Content starts
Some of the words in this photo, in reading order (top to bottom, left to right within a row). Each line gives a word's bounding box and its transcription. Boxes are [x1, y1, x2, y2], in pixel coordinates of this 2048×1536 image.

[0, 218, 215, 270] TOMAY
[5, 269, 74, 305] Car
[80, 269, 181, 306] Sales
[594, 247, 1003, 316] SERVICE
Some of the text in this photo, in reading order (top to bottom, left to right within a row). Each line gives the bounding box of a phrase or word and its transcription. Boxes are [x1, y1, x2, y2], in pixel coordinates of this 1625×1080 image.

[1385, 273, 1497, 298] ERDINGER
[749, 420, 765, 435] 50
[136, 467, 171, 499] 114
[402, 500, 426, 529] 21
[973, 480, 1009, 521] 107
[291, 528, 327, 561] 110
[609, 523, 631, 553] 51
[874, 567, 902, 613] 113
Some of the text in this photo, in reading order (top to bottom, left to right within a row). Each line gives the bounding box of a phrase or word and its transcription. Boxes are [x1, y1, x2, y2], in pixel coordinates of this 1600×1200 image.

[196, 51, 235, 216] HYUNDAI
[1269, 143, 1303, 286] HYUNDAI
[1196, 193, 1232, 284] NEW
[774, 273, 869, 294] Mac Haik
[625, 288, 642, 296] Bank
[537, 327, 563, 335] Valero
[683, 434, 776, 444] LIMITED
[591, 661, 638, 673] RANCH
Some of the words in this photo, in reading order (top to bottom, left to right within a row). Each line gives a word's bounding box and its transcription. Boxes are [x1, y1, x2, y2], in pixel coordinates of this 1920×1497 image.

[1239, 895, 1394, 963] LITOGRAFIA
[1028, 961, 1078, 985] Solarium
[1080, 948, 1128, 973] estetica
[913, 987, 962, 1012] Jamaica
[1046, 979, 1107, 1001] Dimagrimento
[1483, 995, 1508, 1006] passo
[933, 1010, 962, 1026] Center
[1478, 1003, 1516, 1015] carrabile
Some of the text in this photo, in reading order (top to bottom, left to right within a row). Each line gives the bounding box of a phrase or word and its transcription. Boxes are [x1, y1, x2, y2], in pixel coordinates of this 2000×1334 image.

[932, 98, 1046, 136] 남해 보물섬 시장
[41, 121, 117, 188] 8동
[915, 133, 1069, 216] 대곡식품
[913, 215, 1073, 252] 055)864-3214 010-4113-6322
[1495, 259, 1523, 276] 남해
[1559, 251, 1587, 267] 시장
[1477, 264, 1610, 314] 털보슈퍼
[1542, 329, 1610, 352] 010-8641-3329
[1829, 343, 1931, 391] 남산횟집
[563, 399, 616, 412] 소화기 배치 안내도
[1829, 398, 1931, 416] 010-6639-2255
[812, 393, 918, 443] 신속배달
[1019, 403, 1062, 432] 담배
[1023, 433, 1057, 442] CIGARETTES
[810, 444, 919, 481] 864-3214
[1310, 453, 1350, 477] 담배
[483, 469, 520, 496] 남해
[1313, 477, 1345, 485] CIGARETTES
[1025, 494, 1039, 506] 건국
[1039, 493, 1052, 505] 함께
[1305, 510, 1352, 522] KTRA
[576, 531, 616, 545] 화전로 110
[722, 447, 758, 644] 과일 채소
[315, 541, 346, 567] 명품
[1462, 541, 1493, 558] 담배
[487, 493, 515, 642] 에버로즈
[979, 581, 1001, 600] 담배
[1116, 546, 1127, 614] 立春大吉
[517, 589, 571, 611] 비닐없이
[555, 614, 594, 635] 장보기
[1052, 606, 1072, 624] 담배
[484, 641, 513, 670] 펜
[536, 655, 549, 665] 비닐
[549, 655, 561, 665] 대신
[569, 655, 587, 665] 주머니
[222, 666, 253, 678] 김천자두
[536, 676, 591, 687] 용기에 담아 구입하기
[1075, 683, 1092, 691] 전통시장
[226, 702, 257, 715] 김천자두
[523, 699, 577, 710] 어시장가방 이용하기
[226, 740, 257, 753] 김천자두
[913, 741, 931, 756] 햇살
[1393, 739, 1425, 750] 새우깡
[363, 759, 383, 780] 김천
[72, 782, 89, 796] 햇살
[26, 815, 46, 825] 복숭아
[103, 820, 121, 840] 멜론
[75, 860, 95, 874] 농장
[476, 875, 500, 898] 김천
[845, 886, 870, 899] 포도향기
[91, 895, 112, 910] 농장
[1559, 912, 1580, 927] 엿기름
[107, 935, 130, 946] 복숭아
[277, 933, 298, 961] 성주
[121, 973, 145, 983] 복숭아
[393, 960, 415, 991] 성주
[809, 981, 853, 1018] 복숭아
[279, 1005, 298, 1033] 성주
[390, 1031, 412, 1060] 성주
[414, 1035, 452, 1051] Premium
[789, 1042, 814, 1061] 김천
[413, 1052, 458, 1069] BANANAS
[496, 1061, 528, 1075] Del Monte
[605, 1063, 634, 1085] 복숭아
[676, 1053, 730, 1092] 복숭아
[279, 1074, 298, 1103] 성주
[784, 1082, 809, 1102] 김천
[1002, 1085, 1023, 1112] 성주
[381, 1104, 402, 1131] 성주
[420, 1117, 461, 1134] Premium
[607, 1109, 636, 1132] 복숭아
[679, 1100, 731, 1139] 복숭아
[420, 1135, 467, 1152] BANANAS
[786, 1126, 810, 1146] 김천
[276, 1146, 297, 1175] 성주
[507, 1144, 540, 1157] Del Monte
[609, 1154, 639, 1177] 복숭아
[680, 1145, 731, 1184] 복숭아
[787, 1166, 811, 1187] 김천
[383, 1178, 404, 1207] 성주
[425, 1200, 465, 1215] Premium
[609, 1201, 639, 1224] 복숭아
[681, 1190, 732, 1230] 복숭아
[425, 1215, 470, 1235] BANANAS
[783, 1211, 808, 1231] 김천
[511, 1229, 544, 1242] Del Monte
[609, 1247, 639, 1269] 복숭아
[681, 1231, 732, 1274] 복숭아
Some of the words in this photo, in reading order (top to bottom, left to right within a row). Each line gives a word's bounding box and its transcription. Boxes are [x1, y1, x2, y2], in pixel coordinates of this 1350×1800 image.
Content ends
Exercise goal » The material above should be given again in full, exactly.

Response area »
Some of the words in this photo, in reading order (top to bottom, left to right within a row). Each line gives a word's bounding box and its transcription. Boxes are [x1, y1, x2, y2], in pixel coordinates of this 2048×1536 image.

[0, 218, 215, 270] TOMAY
[5, 269, 74, 305] Car
[80, 269, 181, 306] Sales
[594, 247, 1003, 316] SERVICE
Some of the text in this photo, in reading order (top to bottom, left to right within a row). Each line gives the bounding box of a phrase or word and its transcription. Boxes are [x1, y1, x2, y2], in pixel coordinates of this 1625×1080 image.

[1385, 273, 1497, 298] ERDINGER
[749, 420, 765, 435] 50
[136, 467, 171, 499] 114
[402, 500, 426, 529] 21
[973, 480, 1009, 521] 107
[291, 528, 327, 561] 110
[609, 523, 631, 553] 51
[874, 567, 902, 613] 113
Some of the text in this photo, in reading order (top to bottom, left to right within a row). Each line gives the bounding box of a phrase or word and its transcription. Boxes are [x1, y1, x2, y2], in pixel coordinates of this 1600×1200 image.

[196, 51, 235, 216] HYUNDAI
[1269, 143, 1303, 286] HYUNDAI
[1196, 193, 1232, 284] NEW
[774, 273, 869, 294] Mac Haik
[625, 288, 642, 296] Bank
[537, 327, 563, 335] Valero
[683, 434, 776, 444] LIMITED
[591, 661, 638, 673] RANCH
Some of the words in this photo, in reading order (top to bottom, left to right within a row). Each line gives a word's bounding box and its transcription. Boxes are [x1, y1, x2, y2], in pixel coordinates of this 1920×1497 image.

[1239, 895, 1394, 963] LITOGRAFIA
[1028, 961, 1078, 985] Solarium
[1080, 948, 1128, 973] estetica
[913, 987, 962, 1012] Jamaica
[1046, 979, 1107, 1001] Dimagrimento
[1483, 995, 1508, 1006] passo
[933, 1010, 962, 1026] Center
[1478, 1003, 1516, 1015] carrabile
Some of the text in this photo, in reading order (top to bottom, left to right within a row). Each line gives the bounding box of a phrase or word and its transcription. Boxes are [x1, y1, x2, y2], in pixel coordinates of this 2000×1334 image.

[932, 98, 1046, 136] 남해 보물섬 시장
[41, 121, 117, 188] 8동
[915, 133, 1069, 216] 대곡식품
[913, 215, 1073, 252] 055)864-3214 010-4113-6322
[1495, 259, 1523, 276] 남해
[1559, 251, 1587, 267] 시장
[1477, 264, 1610, 314] 털보슈퍼
[1542, 329, 1610, 352] 010-8641-3329
[1829, 343, 1931, 391] 남산횟집
[563, 399, 616, 412] 소화기 배치 안내도
[1829, 398, 1931, 416] 010-6639-2255
[812, 393, 918, 443] 신속배달
[1019, 403, 1062, 432] 담배
[1023, 433, 1057, 442] CIGARETTES
[810, 444, 919, 481] 864-3214
[1310, 453, 1350, 477] 담배
[483, 469, 520, 496] 남해
[1313, 477, 1345, 485] CIGARETTES
[1025, 494, 1039, 506] 건국
[1039, 493, 1052, 505] 함께
[1305, 510, 1352, 522] KTRA
[576, 531, 616, 545] 화전로 110
[722, 447, 758, 644] 과일 채소
[315, 541, 346, 567] 명품
[1462, 541, 1493, 558] 담배
[487, 493, 515, 642] 에버로즈
[979, 581, 1001, 600] 담배
[1116, 546, 1127, 614] 立春大吉
[517, 589, 571, 611] 비닐없이
[555, 614, 594, 635] 장보기
[1052, 606, 1072, 624] 담배
[484, 641, 513, 670] 펜
[536, 655, 549, 665] 비닐
[549, 655, 561, 665] 대신
[569, 655, 587, 665] 주머니
[222, 666, 253, 678] 김천자두
[536, 676, 591, 687] 용기에 담아 구입하기
[1075, 683, 1092, 691] 전통시장
[226, 702, 257, 715] 김천자두
[523, 699, 577, 710] 어시장가방 이용하기
[226, 740, 257, 753] 김천자두
[913, 741, 931, 756] 햇살
[1393, 739, 1425, 750] 새우깡
[363, 759, 383, 780] 김천
[72, 782, 89, 796] 햇살
[26, 815, 46, 825] 복숭아
[103, 820, 121, 840] 멜론
[75, 860, 95, 874] 농장
[476, 875, 500, 898] 김천
[845, 886, 870, 899] 포도향기
[91, 895, 112, 910] 농장
[1559, 912, 1580, 927] 엿기름
[107, 935, 130, 946] 복숭아
[277, 933, 298, 961] 성주
[121, 973, 145, 983] 복숭아
[393, 960, 415, 991] 성주
[809, 981, 853, 1018] 복숭아
[279, 1005, 298, 1033] 성주
[390, 1031, 412, 1060] 성주
[414, 1035, 452, 1051] Premium
[789, 1042, 814, 1061] 김천
[413, 1052, 458, 1069] BANANAS
[496, 1061, 528, 1075] Del Monte
[605, 1063, 634, 1085] 복숭아
[676, 1053, 730, 1092] 복숭아
[279, 1074, 298, 1103] 성주
[784, 1082, 809, 1102] 김천
[1002, 1085, 1023, 1112] 성주
[381, 1104, 402, 1131] 성주
[420, 1117, 461, 1134] Premium
[607, 1109, 636, 1132] 복숭아
[679, 1100, 731, 1139] 복숭아
[420, 1135, 467, 1152] BANANAS
[786, 1126, 810, 1146] 김천
[276, 1146, 297, 1175] 성주
[507, 1144, 540, 1157] Del Monte
[609, 1154, 639, 1177] 복숭아
[680, 1145, 731, 1184] 복숭아
[787, 1166, 811, 1187] 김천
[383, 1178, 404, 1207] 성주
[425, 1200, 465, 1215] Premium
[609, 1201, 639, 1224] 복숭아
[681, 1190, 732, 1230] 복숭아
[425, 1215, 470, 1235] BANANAS
[783, 1211, 808, 1231] 김천
[511, 1229, 544, 1242] Del Monte
[609, 1247, 639, 1269] 복숭아
[681, 1231, 732, 1274] 복숭아
Some of the words in this photo, in reading order (top to bottom, left to right within a row). Each line gives a word's bounding box and its transcription. Boxes are [x1, y1, x2, y2], in pixel coordinates of this 1350×1800 image.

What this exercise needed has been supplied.